We showed that PCR2 was the most effective method for detecting Blastocystis in clinical stool samples. Although PCR was the most sensitive method, its limitations are that it is expensive, time-consuming, and labor-intensive because of manual extraction of DNA and the need for specialized equipment. In a standard clinical diagnostic laboratory, permanent stains are the gold standard for diagnosis of enteric parasites. Although this method is effective for identification of a wide variety of parasites, we showed that more than 50% of the infections with Blastocystis sp. are missed. The low sensitivity of this method may result from the parasite being present in low numbers in the samples; thus, they are not detected by the staining procedure. The higher detection rates seen in cultures may be attributed to the organism needing more time to grow and replicate. The results from this study, with PCR being the most effective form of diagnosis, are consistent with those of studies that reported that molecular analysis is the most efficient method for detection of Blastocystis.12,23 This finding is in contrast to those of another study,20 which suggested that in vitro culture was superior to direct PCR for stool samples.

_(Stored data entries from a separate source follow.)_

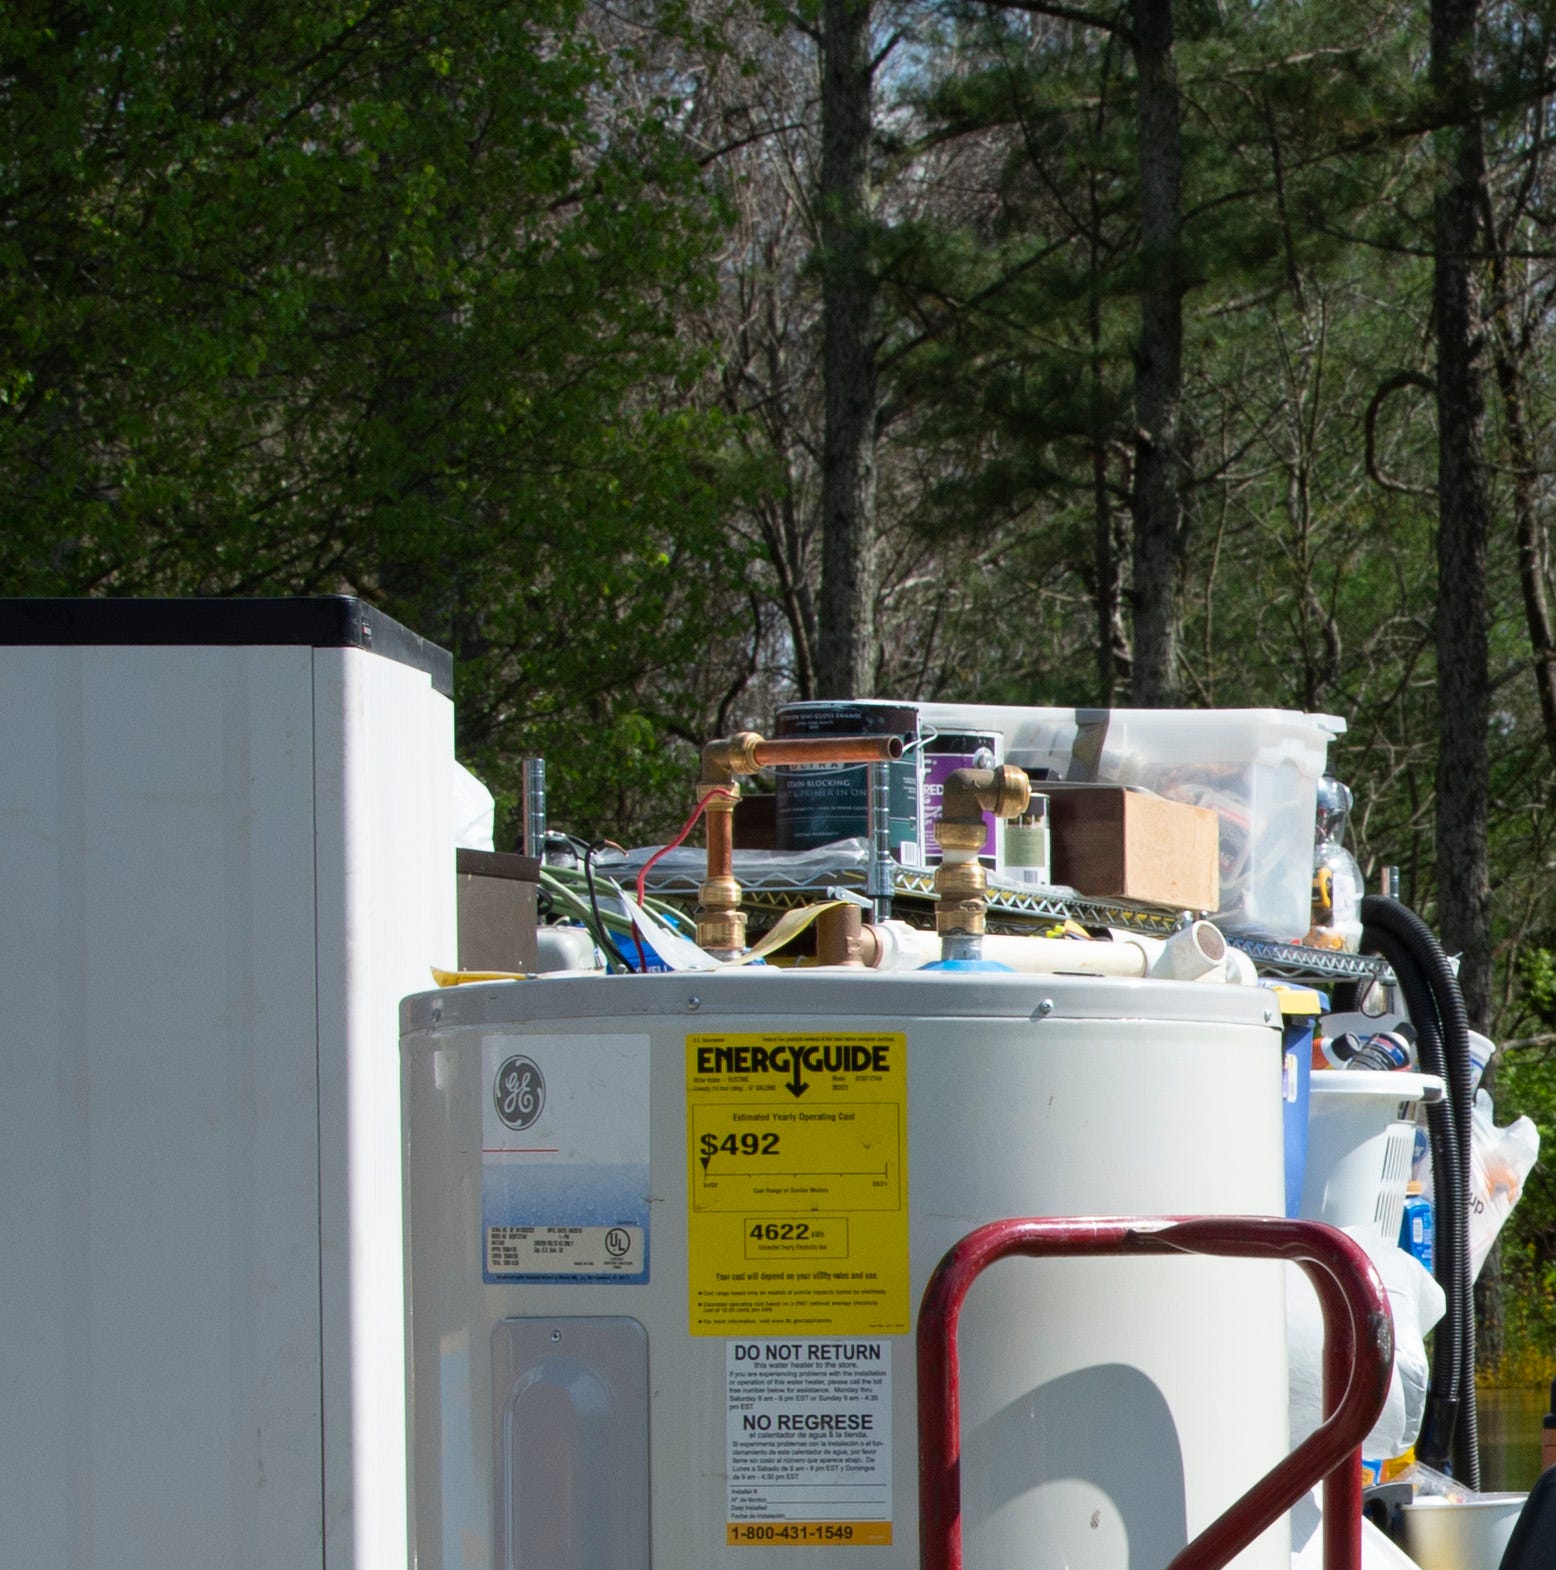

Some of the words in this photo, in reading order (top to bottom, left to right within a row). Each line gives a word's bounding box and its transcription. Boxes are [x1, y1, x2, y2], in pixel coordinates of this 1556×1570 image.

[697, 1045, 890, 1073] ENERGYGUIDE
[733, 1112, 770, 1121] Estimated
[772, 1112, 796, 1122] Yearly
[799, 1112, 836, 1122] Operating
[838, 1112, 855, 1121] Cost
[700, 1132, 780, 1156] $492
[749, 1223, 810, 1241] 4622
[734, 1344, 760, 1360] DO
[766, 1344, 803, 1360] NOT
[808, 1344, 881, 1360] RETURN
[743, 1414, 772, 1430] NO
[778, 1414, 874, 1430] REGRESE
[732, 1526, 853, 1540] 1-800-431-1549

This study also demonstrated that in the Sydney population, there is a 19% incidence of Blastocystis in persons with gastrointestinal symptoms. This finding is similar to results reported from Germany, Thailand, and China, which reported incidences of 17.9%, 13.3%, and 32.6%, respectively.17,24 These studies all used molecular techniques for diagnosis of Blastocystis. Blastocystis has been reported in much higher frequencies in studies in which molecular methods were not used and results obtained on the basis of microscopy alone (53.8% in Zambia,5 52.3% in Malaysia,25 and 30% in travelers in Nepal26). These frequencies are extremely high and may be attributed to the fact that these studies were conducted in developing countries where there is usually a higher incidence of intestinal parasites caused by poor hygienic practices. The misidentification of Blastocystis as other organisms such as Dientamoeba fragilis or yeasts is a common problem and may confound studies limited to the use of microscopy alone.27 Our study showed that for epidemiologic studies PCR should be the method of choice, but if this is not possible because of financial constraints, at least two diagnostic techniques should be used in conjunction with each other.

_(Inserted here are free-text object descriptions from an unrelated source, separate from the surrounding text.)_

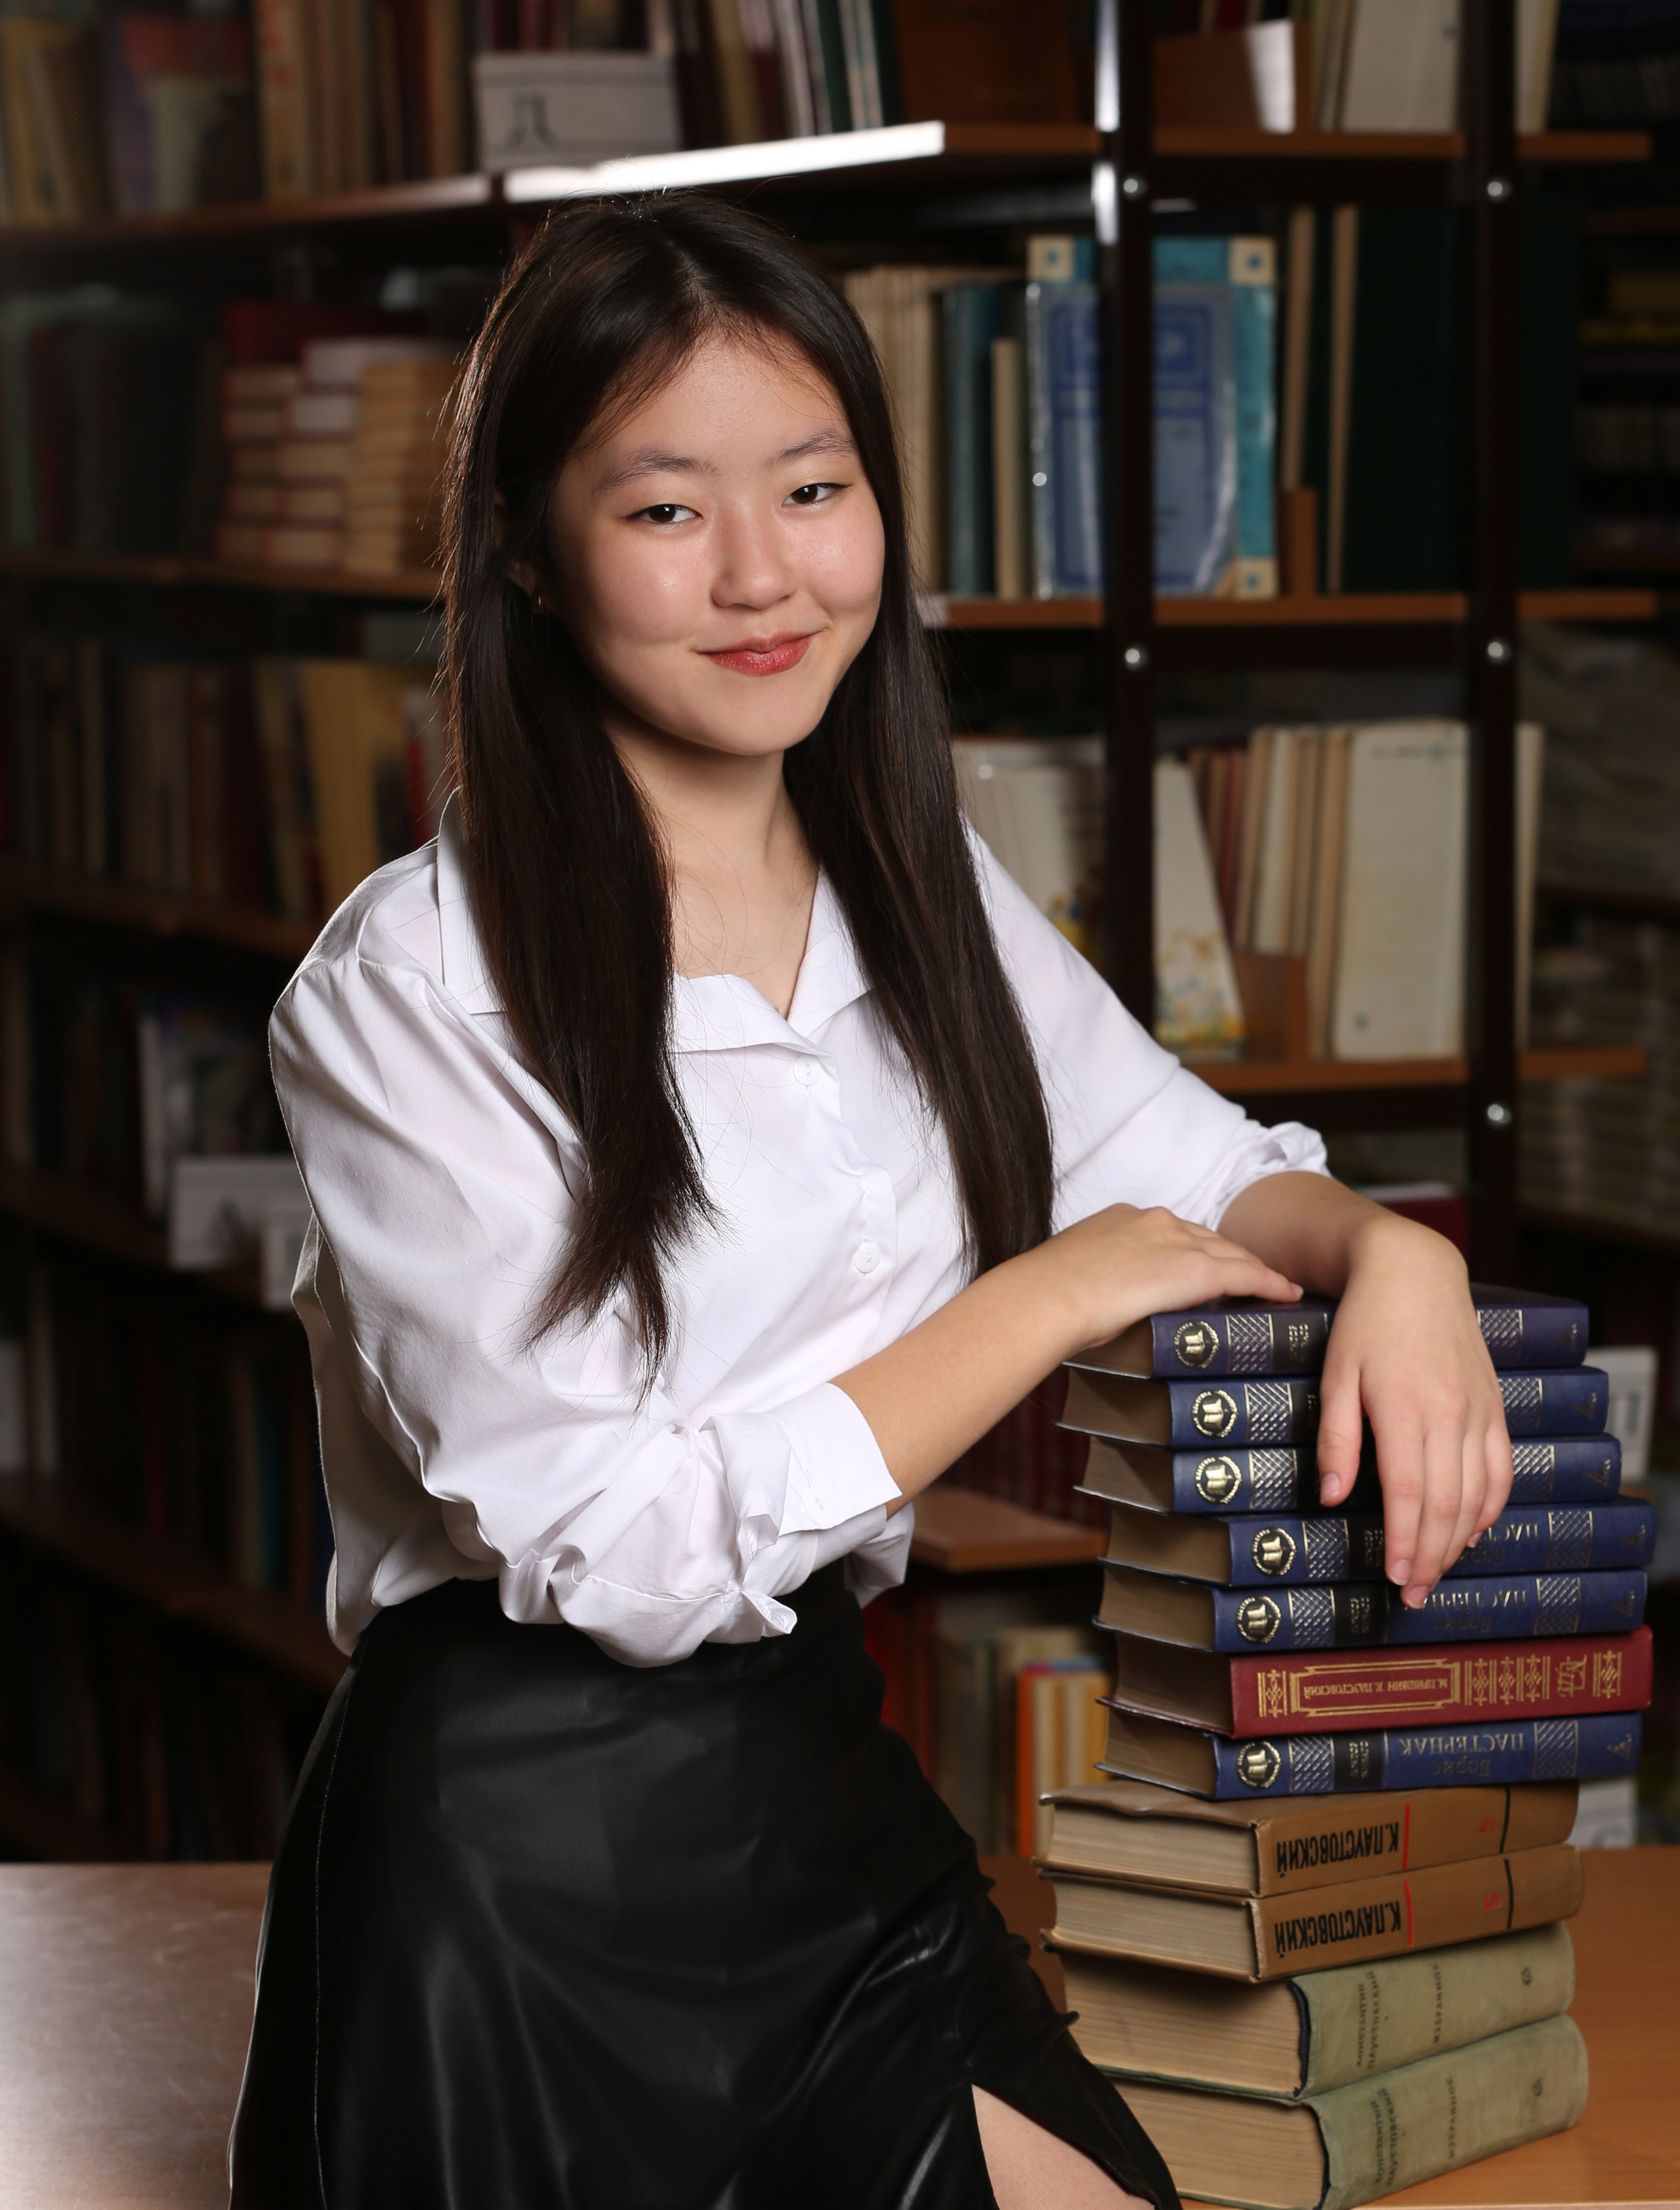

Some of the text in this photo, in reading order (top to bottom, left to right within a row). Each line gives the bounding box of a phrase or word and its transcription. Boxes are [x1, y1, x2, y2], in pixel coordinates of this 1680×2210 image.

[1404, 1590, 1528, 1611] ПАСТЕРН
[1303, 1682, 1373, 1699] ПАУСТОВСКИЙ
[1387, 1679, 1436, 1692] ПРИШВИН
[1398, 1733, 1524, 1756] ПАСТЕРНАК
[1433, 1757, 1491, 1776] Борис
[1479, 1818, 1496, 1834] 5
[1484, 1893, 1502, 1910] 5
[1433, 1963, 1442, 2043] ИЗБРАННОЕ
[1356, 1982, 1367, 2067] КОНСТАНТИН
[1366, 1970, 1379, 2069] ПАУСТОВСКИЙ
[1446, 2075, 1456, 2159] ИЗБРАННОЕ
[1370, 2099, 1384, 2184] КОНСТАНТИН
[1377, 2087, 1398, 2187] ПАУСТОВСКИЙ

The sensitivity of the two PCRs varied greatly in this study. PCR 2 had a sensitivity of 94% and PCR 1 only had a sensitivity of 66%. These results show that it is important to choose the right set of primers and reaction conditions for detection of Blastocystis DNA by PCR.

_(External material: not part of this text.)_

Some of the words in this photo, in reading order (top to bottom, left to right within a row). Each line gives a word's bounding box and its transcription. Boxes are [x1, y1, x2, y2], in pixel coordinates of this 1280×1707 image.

Many studies used Jones medium successfully as the medium of choice for xenic culture of Blastocystis.1012,23 In our study, two media, MBD and TYGM-9, were used for comparison of growth of Blastocystis in culture. These culture media were used instead of Jones medium because it was known that Blastocystis grows successfully in Jones medium. These other two media were used to investigate which other media could be used for cultivation of Blastocystis. Other media may be more suitable for diagnosis of Blastocystis than the MBD and TYGM-9 used in this study (giving a higher growth yield). This possibility should be considered in future studies.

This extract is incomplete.